:: EXERCISE OBJECTIVE ::
Copy each line below word for word and drop every image.

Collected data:
:::::
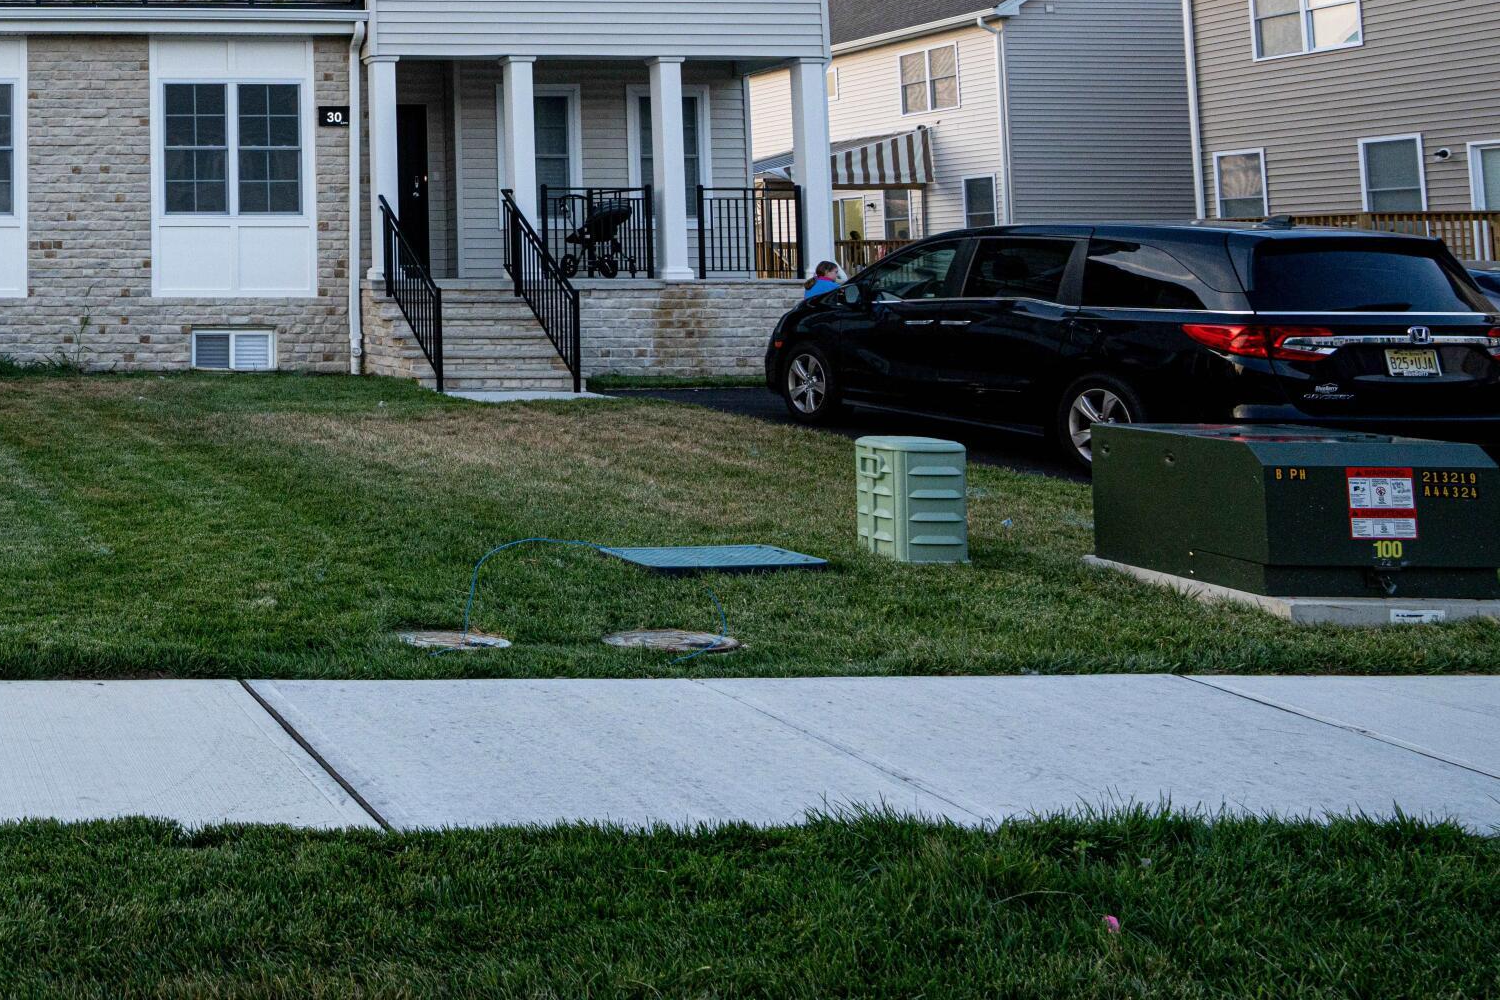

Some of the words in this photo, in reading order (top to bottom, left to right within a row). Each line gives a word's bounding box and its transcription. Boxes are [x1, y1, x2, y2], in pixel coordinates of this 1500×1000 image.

[326, 111, 342, 123] 30
[1422, 471, 1476, 484] 213219
[1424, 485, 1477, 499] A44324
[1373, 540, 1403, 558] 100
:::::
:: ANSWER BOX ::
Some of the words in this photo, in reading order (top to bottom, left to right within a row). Each line gives a word's bounding box and its transcription. Boxes are [x1, y1, x2, y2], in pixel coordinates of this 1500×1000 image.

[326, 111, 342, 123] 30
[1422, 471, 1476, 484] 213219
[1424, 485, 1477, 499] A44324
[1373, 540, 1403, 558] 100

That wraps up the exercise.